*AIM OF THE EXERCISE*.
Could you set down the listing below exactly, leaving out its pictures?
───── RECORDS SUPPLIED
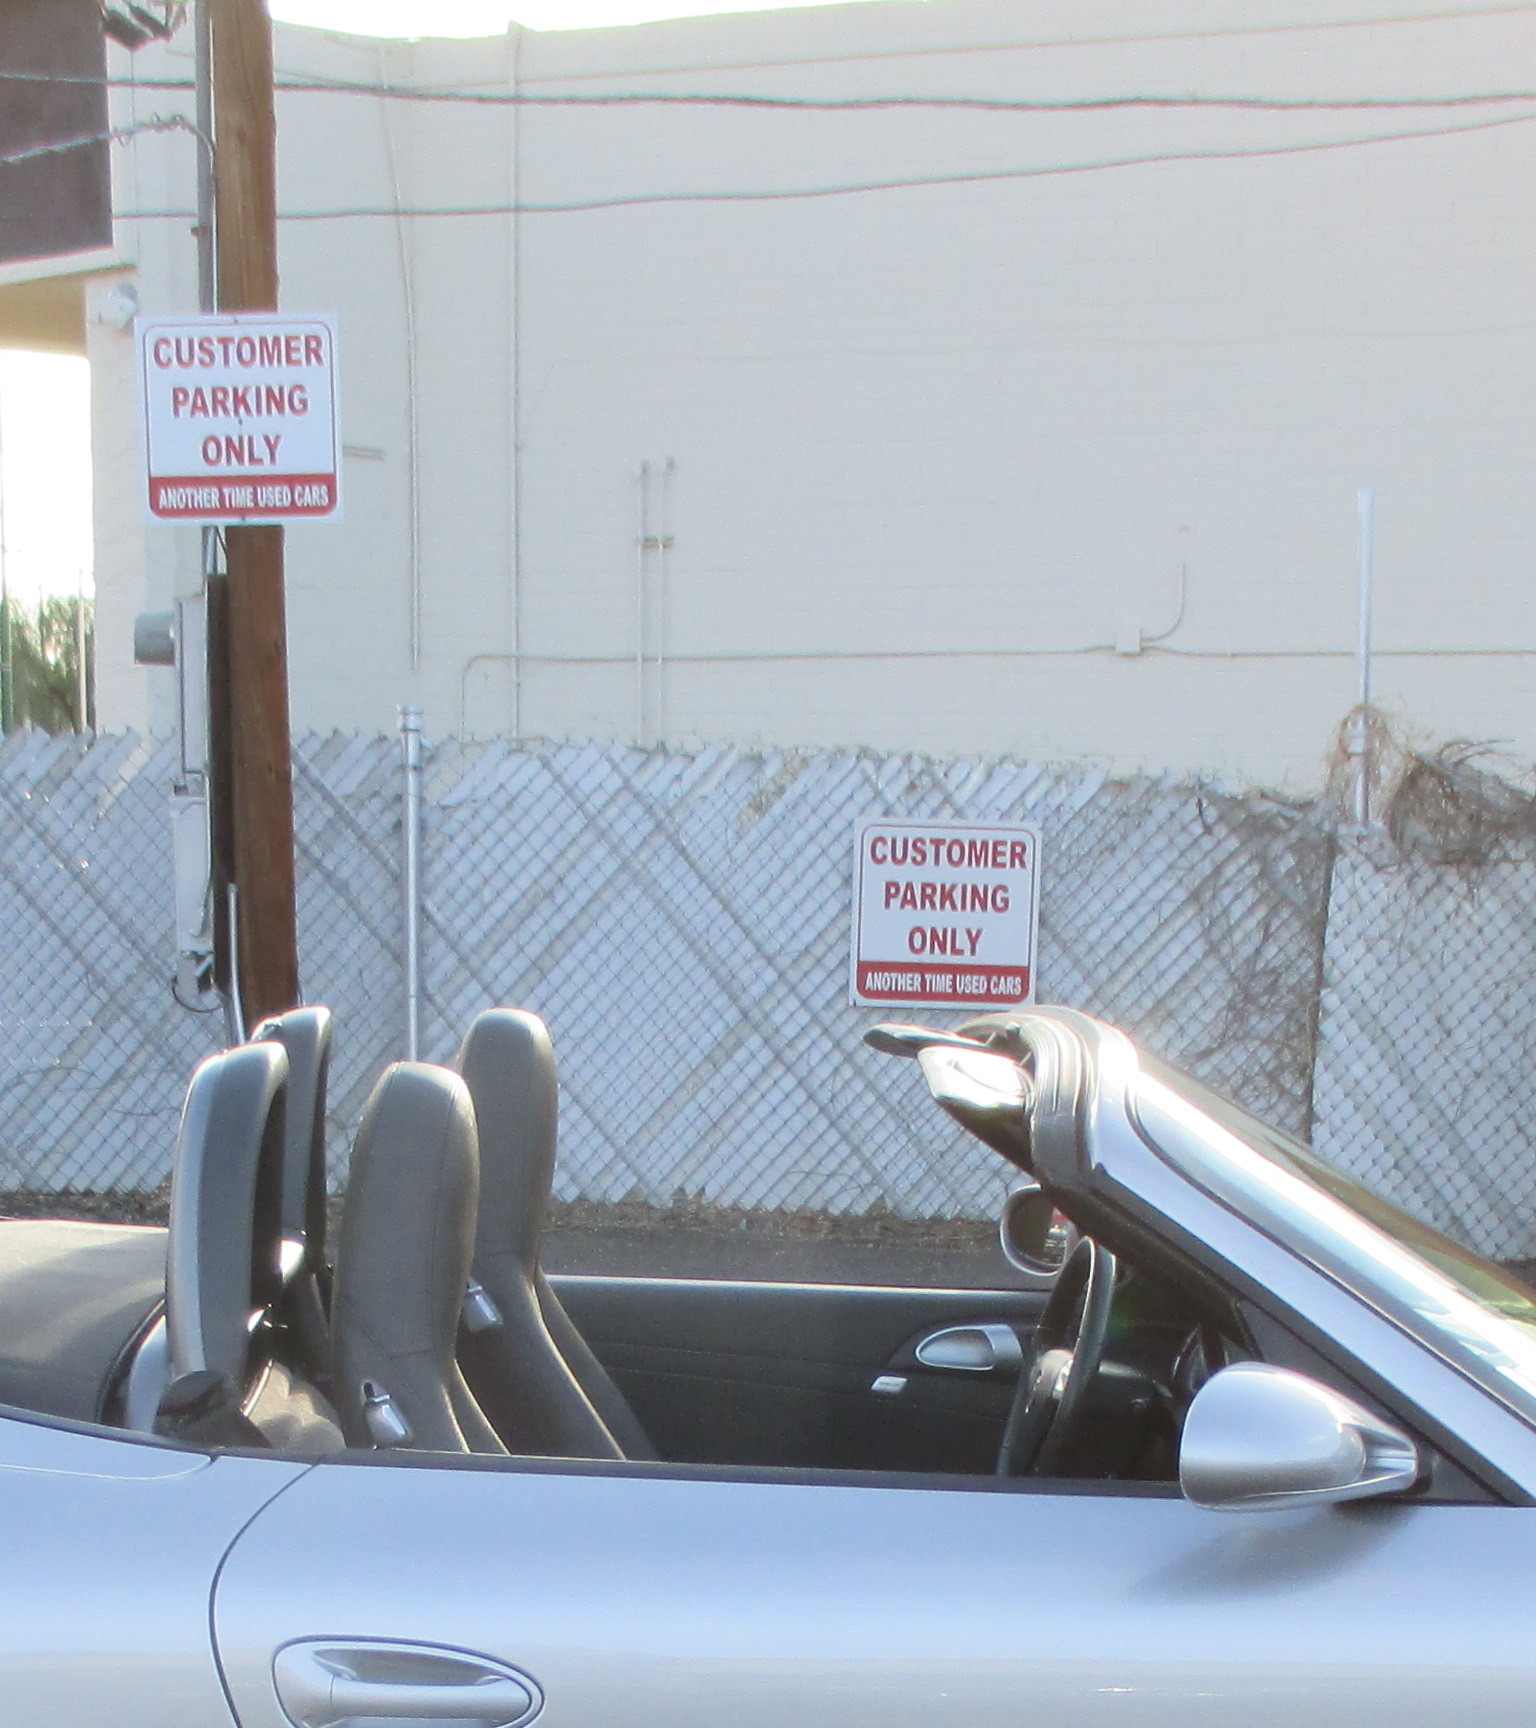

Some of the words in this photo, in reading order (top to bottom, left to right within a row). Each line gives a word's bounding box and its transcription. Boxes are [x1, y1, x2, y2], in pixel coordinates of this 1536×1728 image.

[153, 335, 325, 370] CUSTOMER
[172, 384, 309, 419] PARKING
[201, 434, 282, 467] ONLY
[159, 487, 220, 509] ANOTHER
[222, 486, 254, 508] TIME
[257, 485, 291, 508] USED
[294, 484, 329, 507] CARS
[870, 836, 1028, 869] CUSTOMER
[884, 881, 1010, 914] PARKING
[908, 926, 983, 956] ONLY
[865, 972, 921, 992] ANOTHER
[924, 973, 953, 993] TIME
[956, 974, 987, 994] USED
[990, 975, 1022, 995] CARS
──────────
*RESULT OF THIS TASK*.
Some of the words in this photo, in reading order (top to bottom, left to right within a row). Each line gives a word's bounding box and its transcription. Boxes are [x1, y1, x2, y2], in pixel coordinates of this 1536×1728 image.

[153, 335, 325, 370] CUSTOMER
[172, 384, 309, 419] PARKING
[201, 434, 282, 467] ONLY
[159, 487, 220, 509] ANOTHER
[222, 486, 254, 508] TIME
[257, 485, 291, 508] USED
[294, 484, 329, 507] CARS
[870, 836, 1028, 869] CUSTOMER
[884, 881, 1010, 914] PARKING
[908, 926, 983, 956] ONLY
[865, 972, 921, 992] ANOTHER
[924, 973, 953, 993] TIME
[956, 974, 987, 994] USED
[990, 975, 1022, 995] CARS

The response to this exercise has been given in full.